Can't help but notice this thread popped up the same weekend as The Great Muppet Meltdown.
Obviously the online fan community uproar over the closing of a dated "screenz" attraction and the worst QSR pizza in Orlando was about more than the Muppets. I posit that it's Millennials realizing the great pop culture freeze they grew up in -- which started in the mid-90s, lasted until probably 2020ish -- is finally fading. People in their 30s and 40s realizing that top 40 radio won't always be Taylor, JT and I-V-VI-IV songs, that the biggest movie of the year might not always feature Marvel superheroes, fashion might finally evolve from Starbucks barista chic, and that the theme park rides they can spiel by heart won't always be there. They've been in-tune with what's "cool" they're whole lives, and suddenly the kids are shouting "Chicken Jockey!" and for the first time they don't get it and it's so dumb and for the first time they feel their age. "I was hip and with it ... but they changed what 'it' is!"
So they cling to the IPs they spent their whole lives with, most of which they inherited from Gen X anyway. The Muppets. BTTF. Ghostbusters. Jaws. But these are only nostalgia plays right now. In 10 to 15 years, they'll be even more dated -- and its likely that era's teens and 20-somethings will be clamoring for something not even on our radar at the moment.
This is the danger of single-IP-themed lands. "The American Frontier" is generic enough to evolve into what each generation needs it to be; Far Far Away will be forever tied to a 90s movie very much of its day. The Magic Kingdom of 1991 looked very different from that of 1971. Universal Studios of 2025 has exactly 1 ride in common with 2003 Theme parks need the freedom to grow and change. And becoming a nostalgia museum impedes that.
But... Muppets aren't going away? That specific show is, but Disney has plans to add new and substantial Muppets, Indiana Jones, Marvel, classic Disney Villain themed attractions across the next five years. A lot of their recent lineup has been early to mid 2000s era Pixar films, niche Gen X properties like Tron, or huge generational touchstones like Star Wars and Marvel (which you point to as being on the way out. Maybe for the films, but Guardians in the parks seem to be doing just fine.)

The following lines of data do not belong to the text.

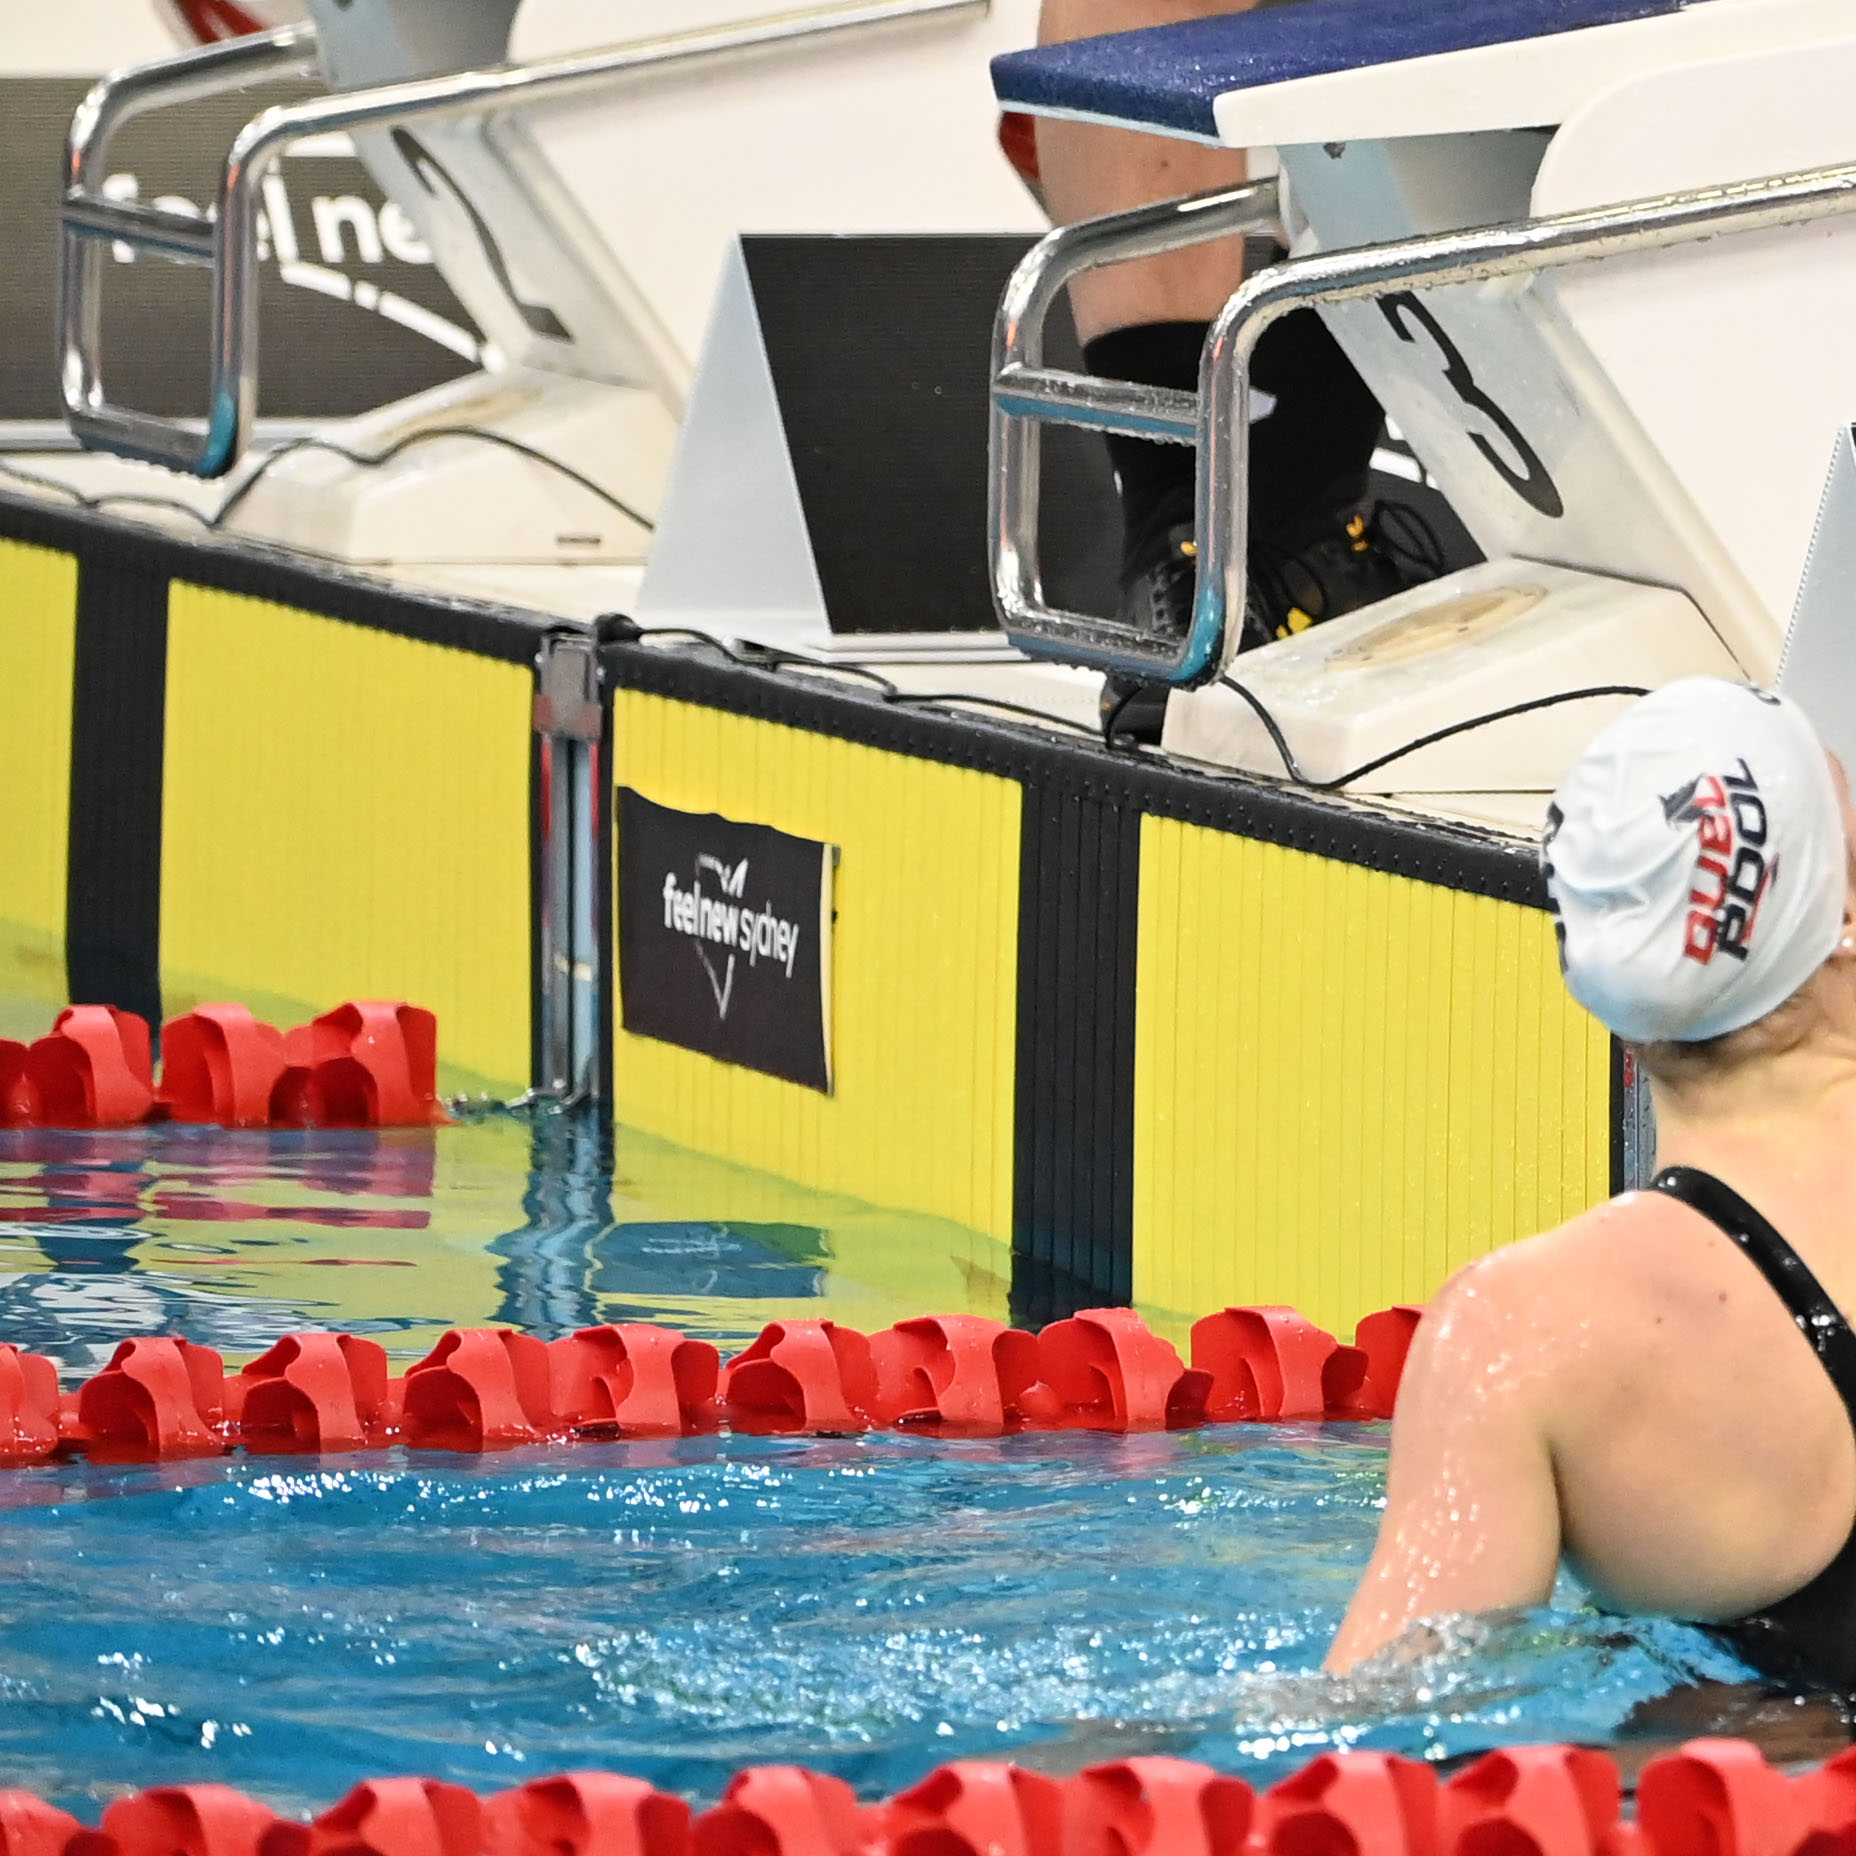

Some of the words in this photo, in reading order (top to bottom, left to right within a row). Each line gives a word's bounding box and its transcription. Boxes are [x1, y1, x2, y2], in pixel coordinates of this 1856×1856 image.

[311, 194, 440, 263] ne
[391, 126, 574, 343] 2
[1375, 291, 1564, 519] 3
[662, 871, 700, 937] feel
[700, 897, 740, 947] new
[739, 899, 799, 979] sydney
[1682, 774, 1735, 966] DUEL
[1715, 756, 1768, 962] POOL

I don't disagree entirely with your overall point, but it's tough to believe the cultural moment is actually moving on when it very clearly isn't.
Disney shows how you can do both. Moana, Encanto, Frozen, Avengers: Infinity War and Endgame, Zootopia, Mandalorian have all been some of the biggest movies of the past decade for Disney across both kids and Gen X nerds, and they've gotten sizable additions to the park to match. Adding a Muppets or Indy ride doesn't mean you can't add an Encanto or Moana attraction, and sometimes you can make a Mando addition that everyone can enjoy. Sometimes you make a ride based on Snow White, or Oz, or Universal Monsters that is far from "relevant" but works as an incredible solid addition anyways.

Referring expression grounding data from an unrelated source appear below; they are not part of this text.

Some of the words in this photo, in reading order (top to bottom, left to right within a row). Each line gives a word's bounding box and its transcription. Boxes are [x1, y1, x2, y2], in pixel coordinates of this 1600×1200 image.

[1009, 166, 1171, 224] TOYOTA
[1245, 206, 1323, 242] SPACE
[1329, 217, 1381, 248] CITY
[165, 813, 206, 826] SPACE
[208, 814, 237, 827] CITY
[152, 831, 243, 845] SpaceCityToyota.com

Universal can 100% do the same. To some extent, that's exactly what they've been doing. Nintendo has been around forever, but Universal bought in back in 2015 when Nintendo's brand was in the pit from the Wii U era. We've seen a complete turnaround and now Super Mario is a huge kids property again, and we've got a huge new land to capitalize on it. We've got a Gabby's Dollhouse meet and greet and Shrek's swamp coexisting. It's hardly one or the other.